Mythologize Your Characters to “Up the Ante”
Here is a trick from Shakespeare. The next time you are putting a fictional story together, have a good look at your characters and their relationships. What are they? Friends? Work colleagues? Strangers?
One way to “raise the stakes” in drama is to “connect” your characters more closely.
For example, sisters and brothers fighting is more interesting than strangers doing the same. Husbands and wives trying to kill each other are much more intriguing than psychos stalking unknown victims.
Always try to up the ante.
Now - see your characters as even bigger! Queen and Consort, not just sister and brother.
Not just husband and wife but God and nymph. Not just employee and boss but janitor and CEO.

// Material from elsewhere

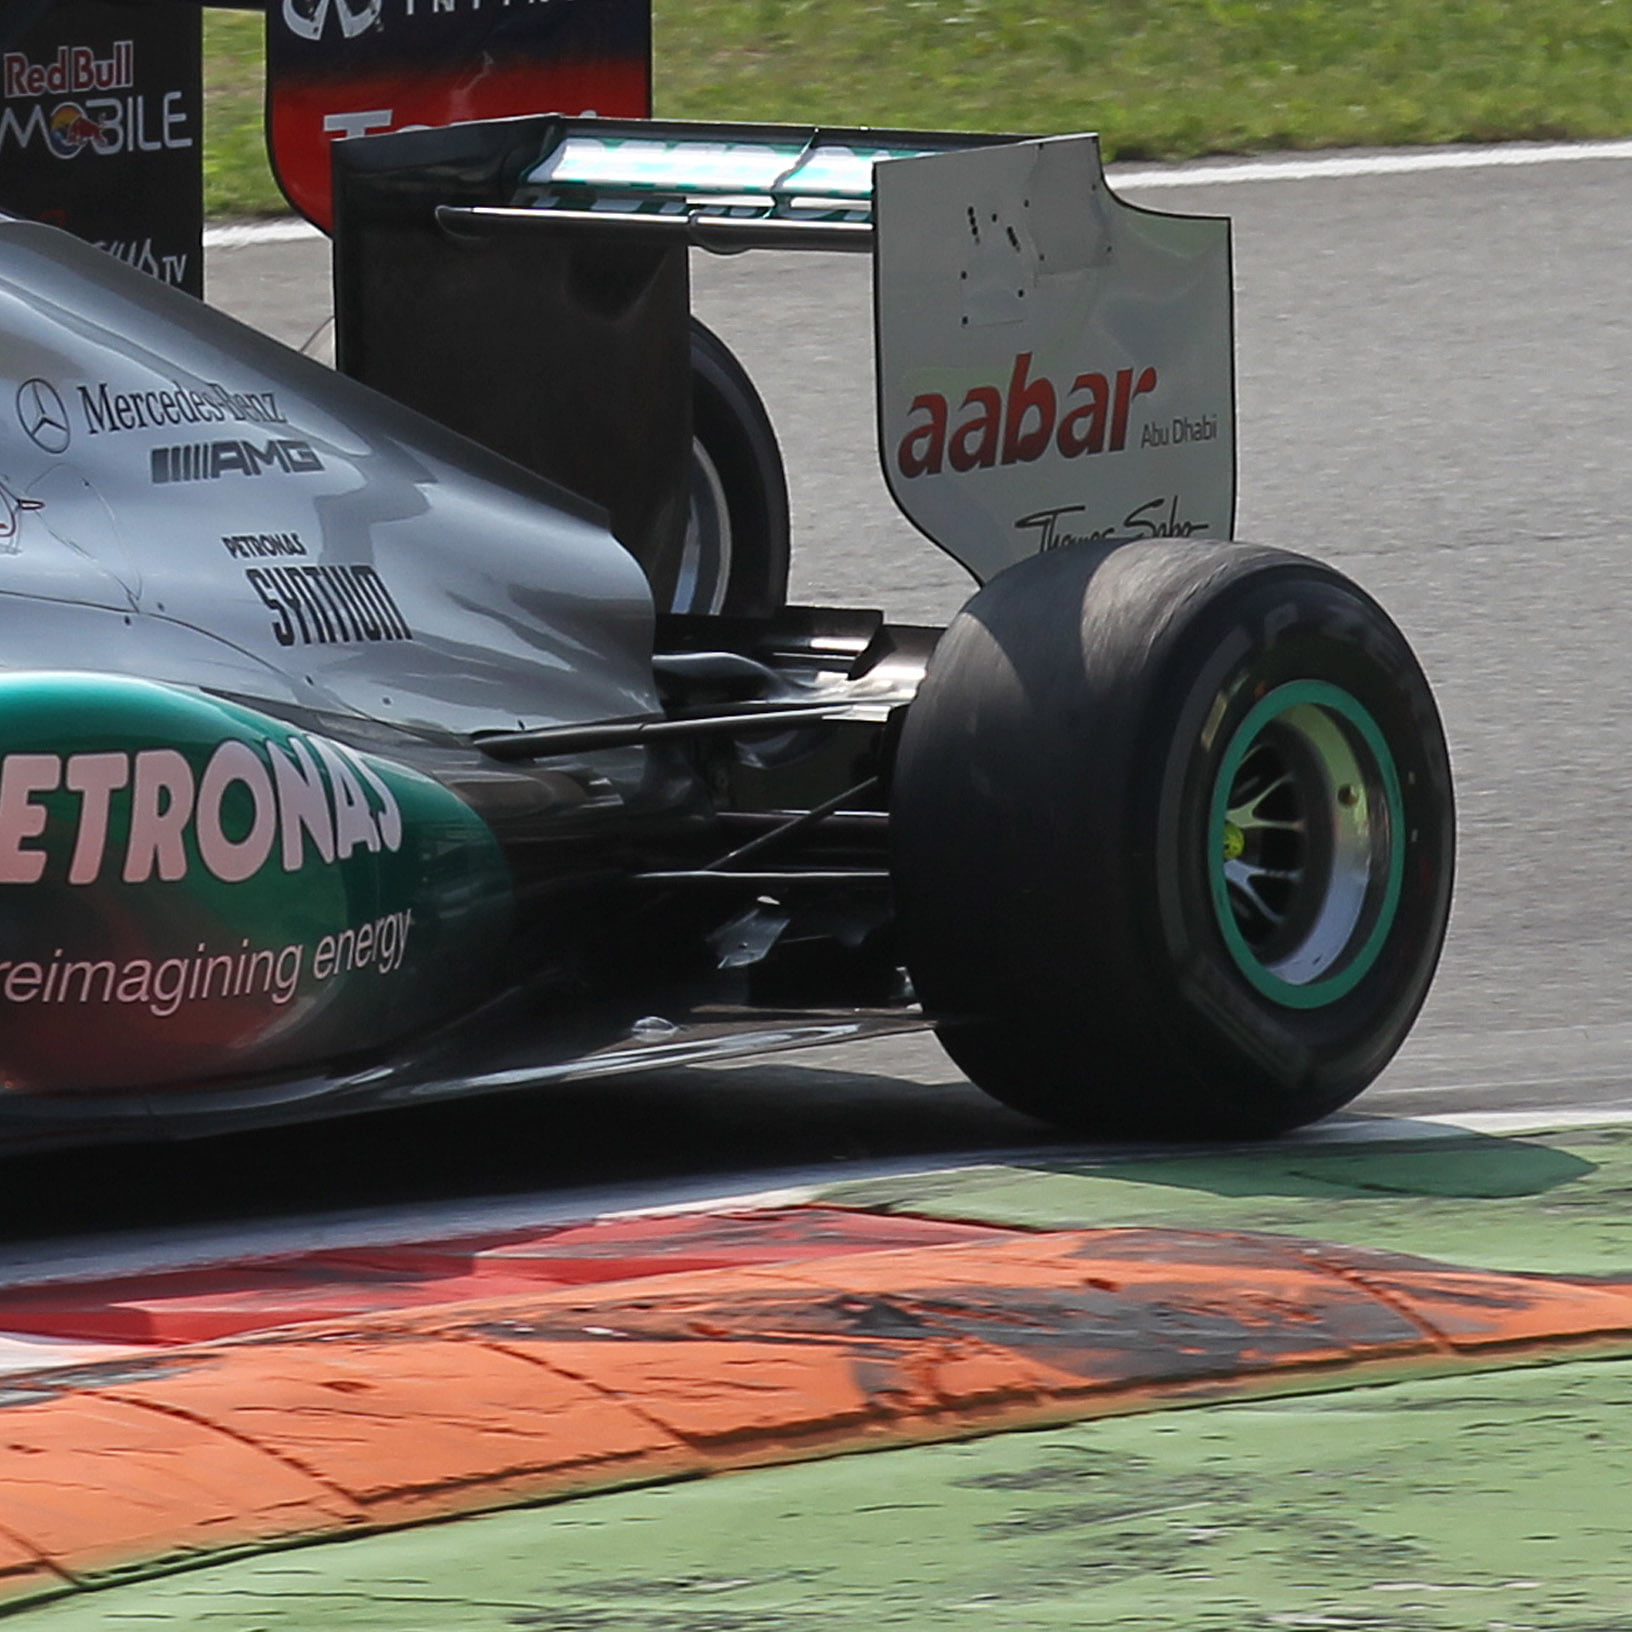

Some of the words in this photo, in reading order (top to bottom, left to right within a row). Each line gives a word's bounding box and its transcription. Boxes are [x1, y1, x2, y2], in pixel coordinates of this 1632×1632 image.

It’s a theatrical technique as old as Ancient Greece, but it still works. To make your characters “classic”, you create archetypes of people who are larger than life. Why have a girl in a dead-end job hating her boss and eventually winning through when you could have a successful businesswoman, with millions to lose, fighting against a multinational conglomerate?

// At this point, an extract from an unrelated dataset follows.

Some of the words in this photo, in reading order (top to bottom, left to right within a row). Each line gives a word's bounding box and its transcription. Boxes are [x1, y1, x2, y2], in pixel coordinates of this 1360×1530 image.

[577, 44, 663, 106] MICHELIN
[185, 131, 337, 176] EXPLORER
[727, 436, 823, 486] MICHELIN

You see, readers like big fights, they like stories where it’s do or die.
For instance, you have a story about a schoolteacher fighting to preserve a gym facility.
Good, but take it further—mythologize it. Make it a struggle between good and evil—between the oppression of the authorities and freedom of speech.
Never be afraid to take on the larger issues in your work. Try to get to the core of human values.
Shakespeare did it well. On the surface, he wrote about Kings and Queens but beneath, he wrote about all of us. Hamlet is a case in point. On one level, it is a play about a King who is not ready to take the throne. On another, it is a thesis on adolescence.
Think through the opportunities that life and death issues might offer your writing. Reality is good. But bigger is better—take it from Shakespeare.